Abstract

Primary oral mucosa malignant melanoma is a rare and biologically aggressive neoplasm. It is estimated about 1~2% of all oral malignancies with the incidence increasing with age. The prognosis of oral mucosa malignant melanoma is poor with the five-year survival rate is approximately 15%. The diagnosis of oral melanoma is usually delayed because it is always asymptomatic at the beginning and it resembles the epulis, amalgam tattoo or other oral lesions. In addition, nearly a third of all oral melanoma are amelanotic and may lack a radial growth phase, which makes early and accurate diagnosis even difficult. Thus, regional and distant metastases happen more frequently.

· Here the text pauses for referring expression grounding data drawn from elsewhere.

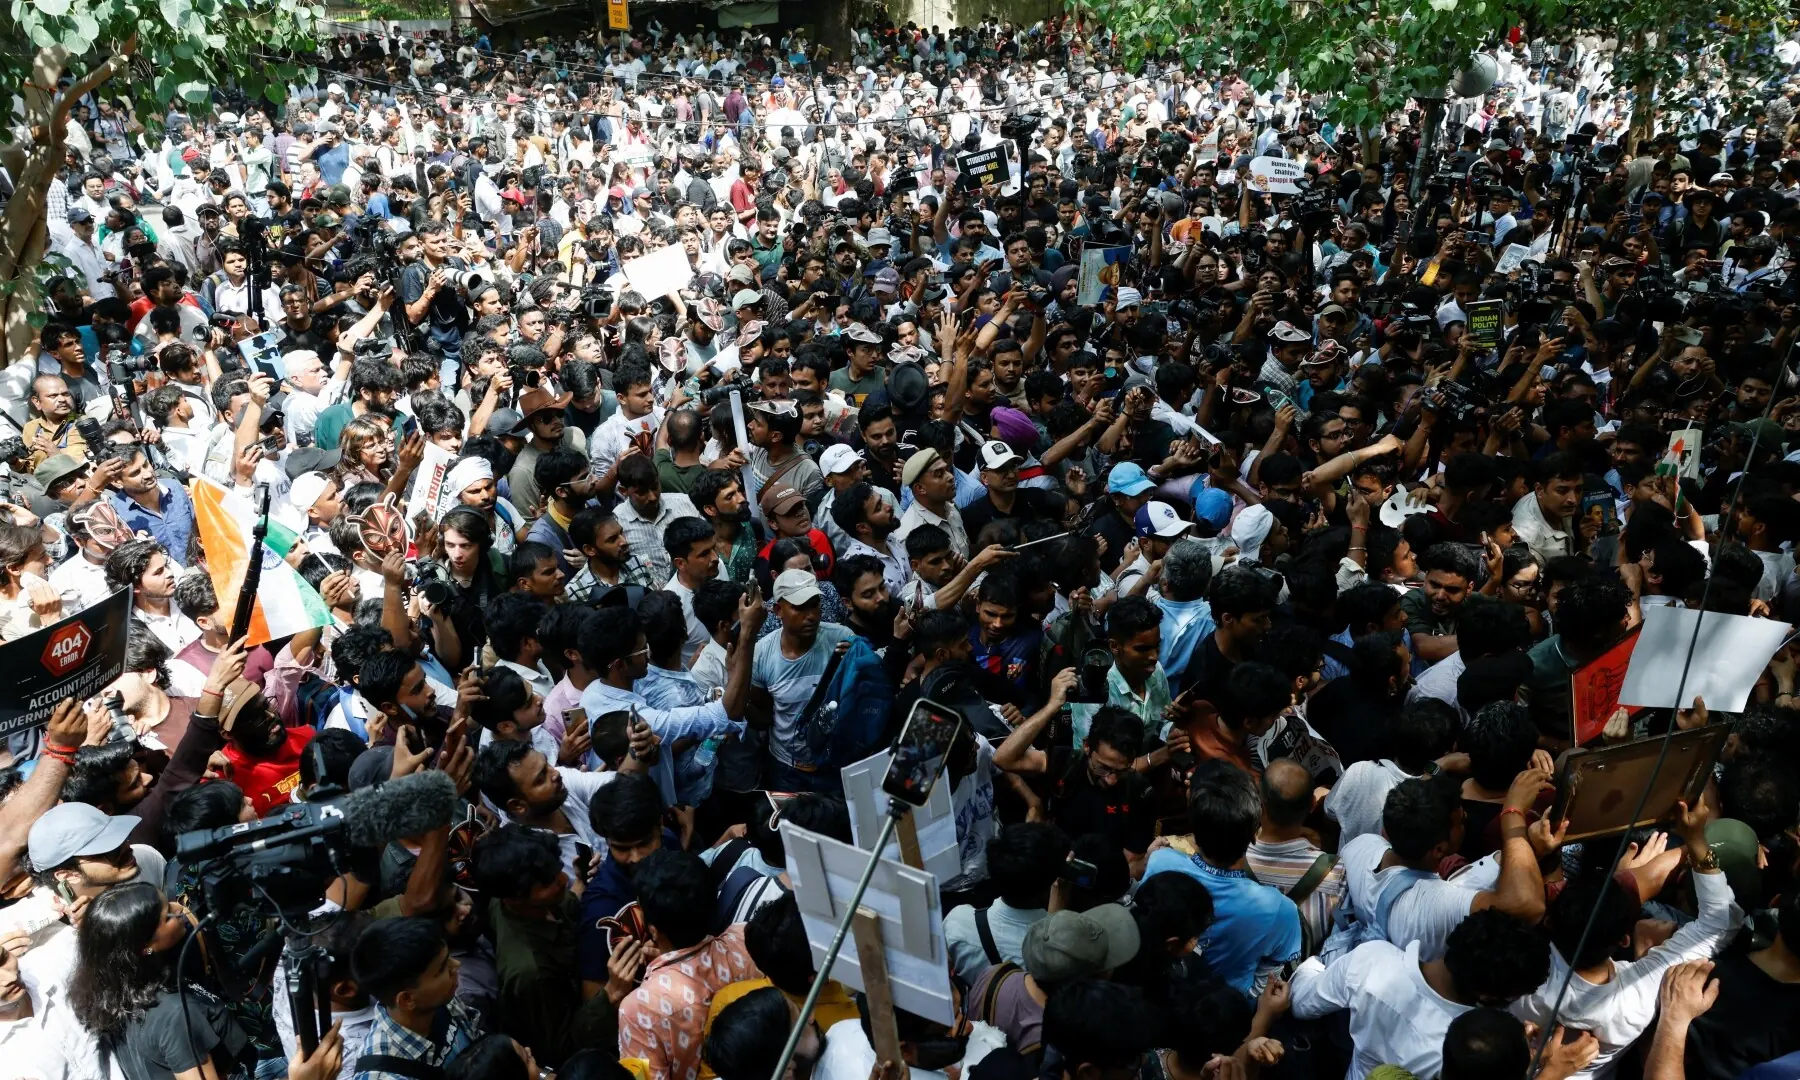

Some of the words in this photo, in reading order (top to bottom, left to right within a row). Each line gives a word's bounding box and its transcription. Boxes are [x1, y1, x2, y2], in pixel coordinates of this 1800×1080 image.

[966, 152, 990, 166] STUDENTS
[990, 151, 998, 159] KA
[969, 164, 987, 176] FUTURE
[1472, 314, 1498, 323] INDIAN
[1472, 321, 1498, 329] POLITY
[51, 632, 82, 658] 404
[59, 651, 79, 667] ERROR
[28, 664, 102, 711] ACCOUNTABLE
[76, 684, 94, 702] NOT
[94, 662, 121, 690] FOUND
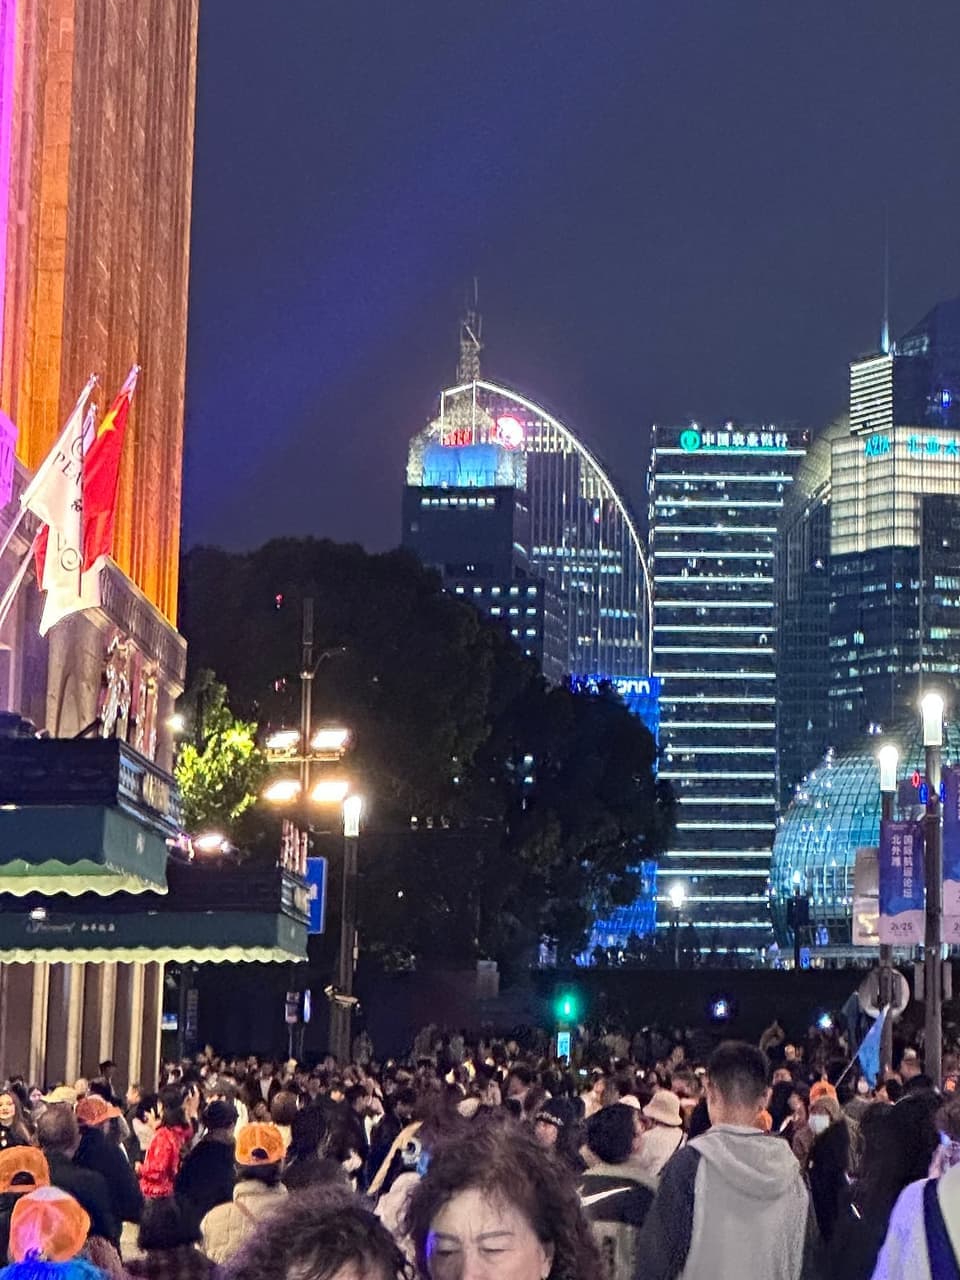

Surgery is the first choice of treatment, and clinically negative necklymph nodes with neck dissection or radiotherapy are also recommended because of the high risk of subclinical regional metastasis. In this article, we reviewed the clinical features, diagnosis, treatment, and presented a 70 y/o male who suffered from an easily bleeding lesion over right posterior palatal mucosa and gingiva who presented at hospital for help. We performed biopsy which revealed a malignant melanoma. He received supraomohyoid neck lymph node dissection, partial maxillectomy, and was reconstructed with anterior lateral thigh free fascia cutaneous flap. After surgical treatment, the patient kept regular follow-ups. The treatment outcome was good and the patient recovered with full swallowing and phonation function.